## [TASK INSTRUCTIONS]
Could you transcribe the entries below exactly, without any of the pictures?

==== GIVEN DATA ====

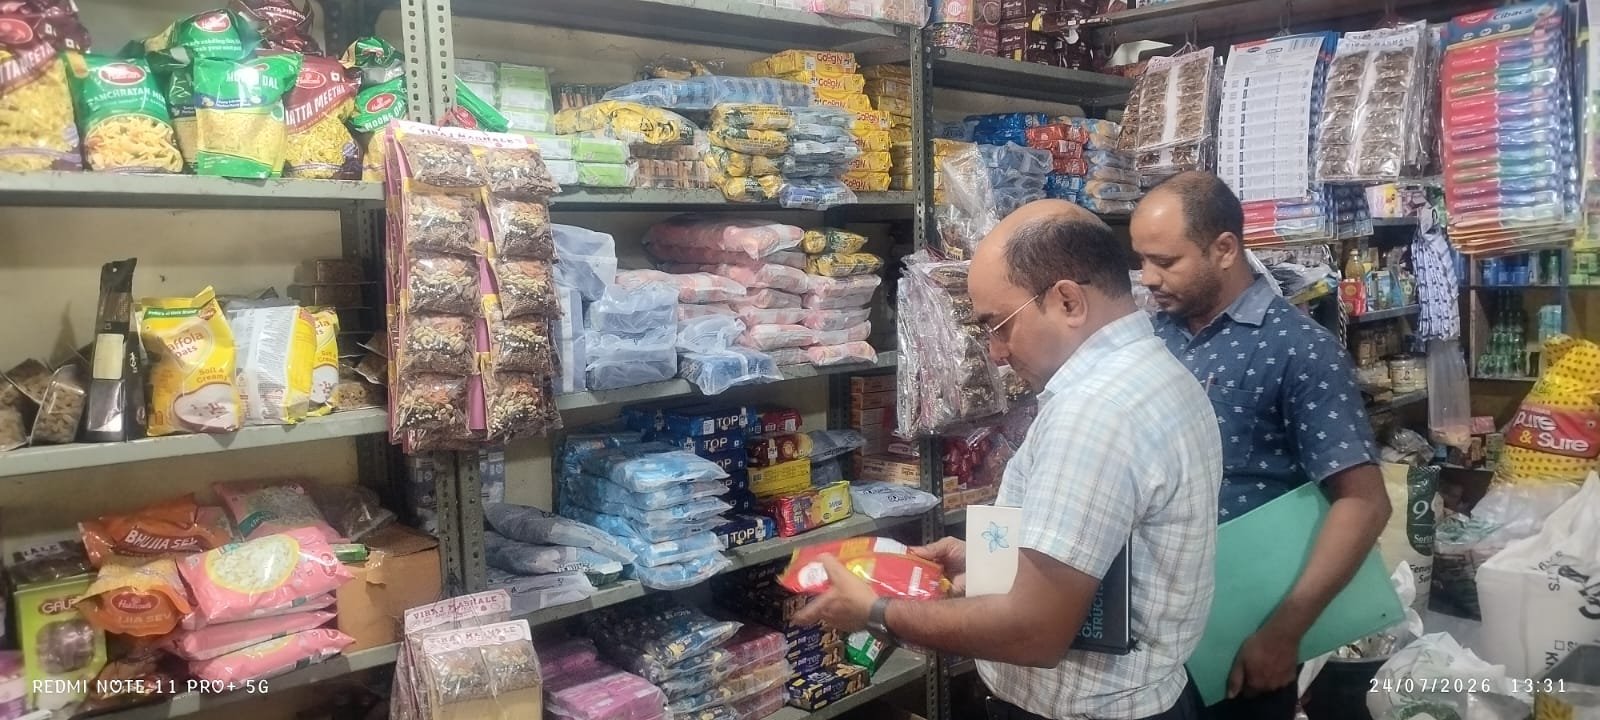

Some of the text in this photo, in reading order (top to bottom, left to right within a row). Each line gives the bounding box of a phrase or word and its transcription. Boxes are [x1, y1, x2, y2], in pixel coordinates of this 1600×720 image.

[314, 84, 346, 112] MEETHA
[167, 331, 205, 351] affola
[716, 415, 739, 429] TOP
[1513, 411, 1558, 431] Pure
[703, 437, 728, 450] TOP
[1520, 430, 1590, 452] & Sure
[716, 458, 732, 469] OP
[1412, 500, 1430, 520] 9
[124, 529, 169, 550] BHUJIA
[730, 527, 755, 544] TOP
[42, 598, 75, 614] GAU
[414, 606, 444, 619] VIRAJ
[1092, 586, 1104, 639] STRUCT
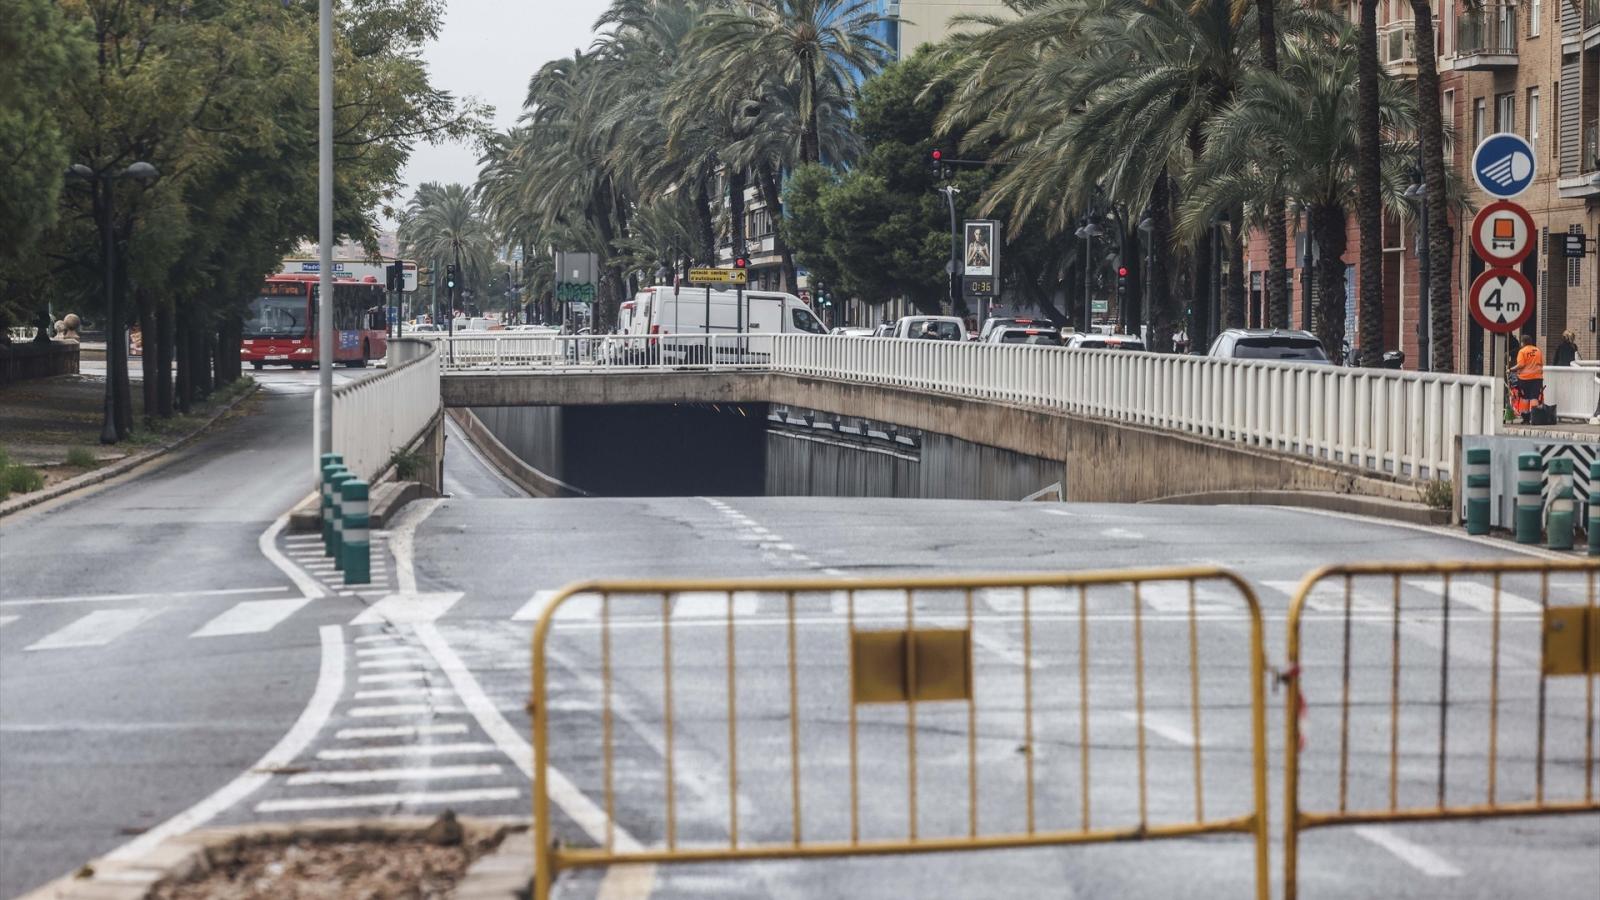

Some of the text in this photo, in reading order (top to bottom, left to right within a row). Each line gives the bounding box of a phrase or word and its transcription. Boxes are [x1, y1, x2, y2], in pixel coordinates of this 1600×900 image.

[972, 281, 991, 292] 0:36
[1484, 288, 1520, 312] 4 m
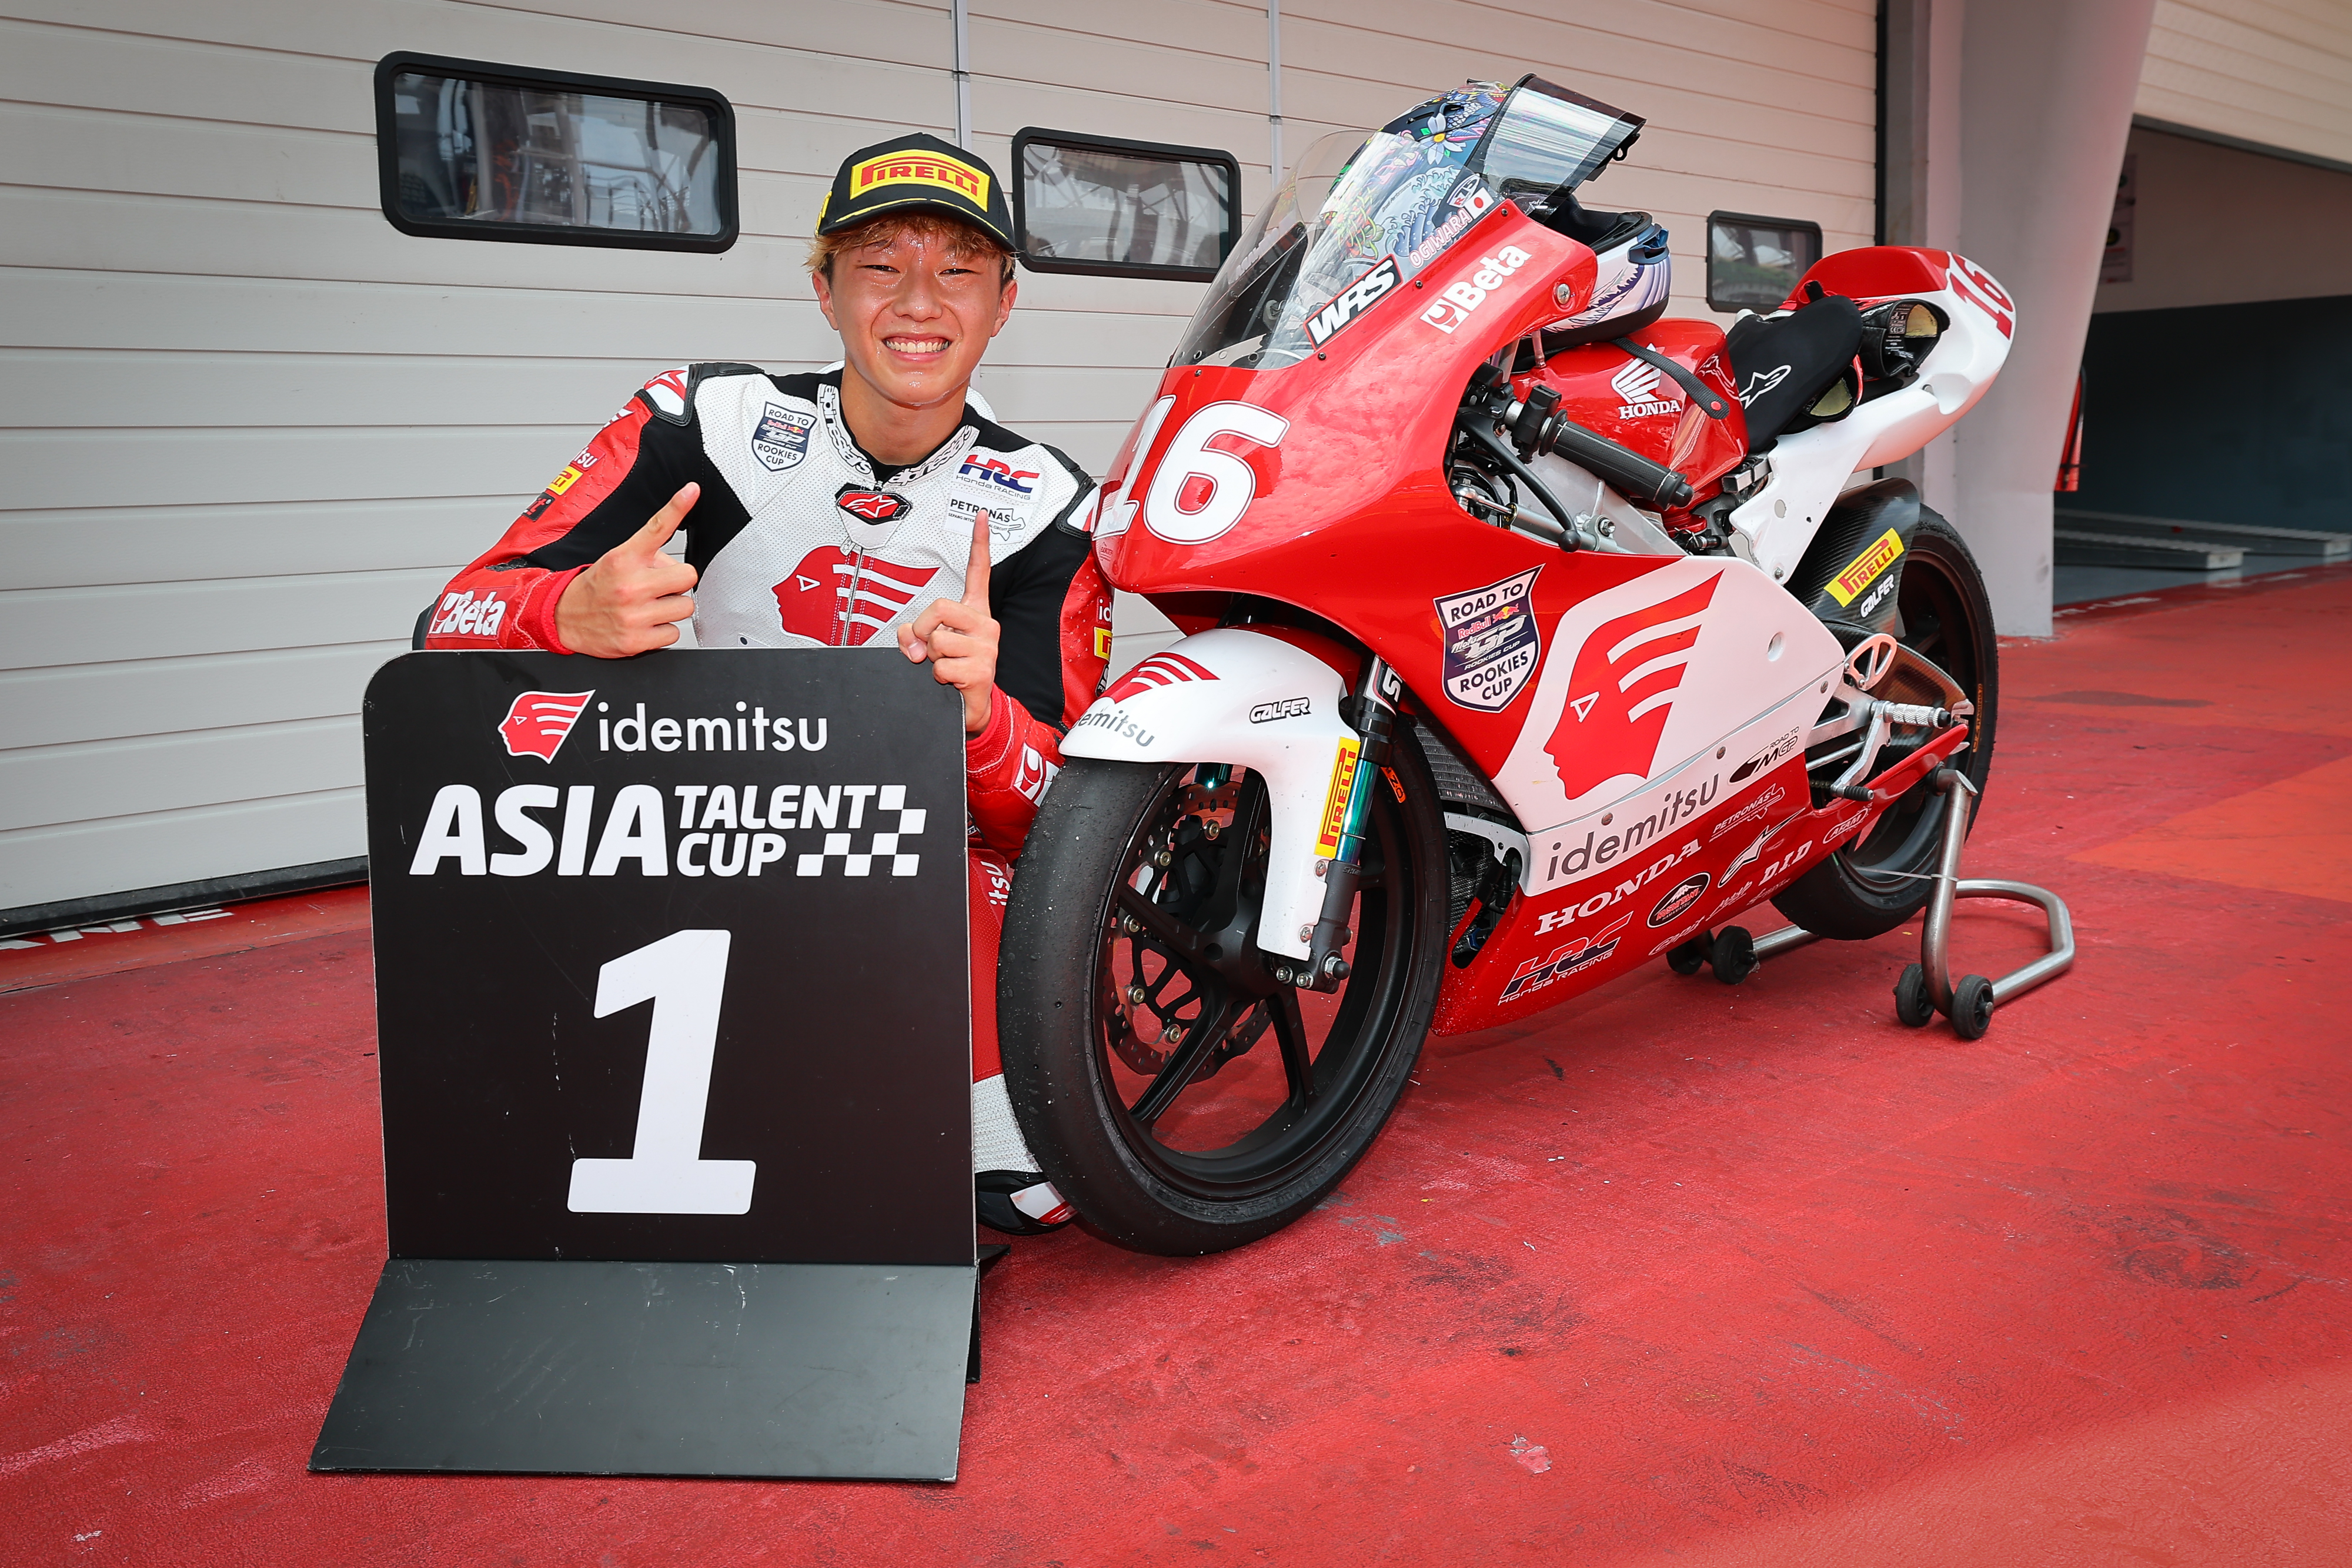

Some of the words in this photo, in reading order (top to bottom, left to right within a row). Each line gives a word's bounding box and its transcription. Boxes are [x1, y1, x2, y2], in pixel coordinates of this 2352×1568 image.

====

## [COMPLETED EXERCISE]
Some of the text in this photo, in reading order (top to bottom, left to right within a row). Each line gives the bounding box of a phrase or word and its transcription. Boxes are [x1, y1, x2, y2], in pixel coordinates of this 1600×720 image.

[314, 84, 346, 112] MEETHA
[167, 331, 205, 351] affola
[716, 415, 739, 429] TOP
[1513, 411, 1558, 431] Pure
[703, 437, 728, 450] TOP
[1520, 430, 1590, 452] & Sure
[716, 458, 732, 469] OP
[1412, 500, 1430, 520] 9
[124, 529, 169, 550] BHUJIA
[730, 527, 755, 544] TOP
[42, 598, 75, 614] GAU
[414, 606, 444, 619] VIRAJ
[1092, 586, 1104, 639] STRUCT

Some of the text in this photo, in reading order (top to bottom, left to right within a row). Each line gives the bounding box of a phrase or word and its transcription. Boxes are [x1, y1, x2, y2], in pixel coordinates of this 1600×900 image.

[972, 281, 991, 292] 0:36
[1484, 288, 1520, 312] 4 m

Some of the words in this photo, in reading order (top to bottom, left to right within a row). Each line gives a word's bounding box and its transcription. Boxes are [x1, y1, x2, y2], in pixel coordinates of this 2352×1568 image.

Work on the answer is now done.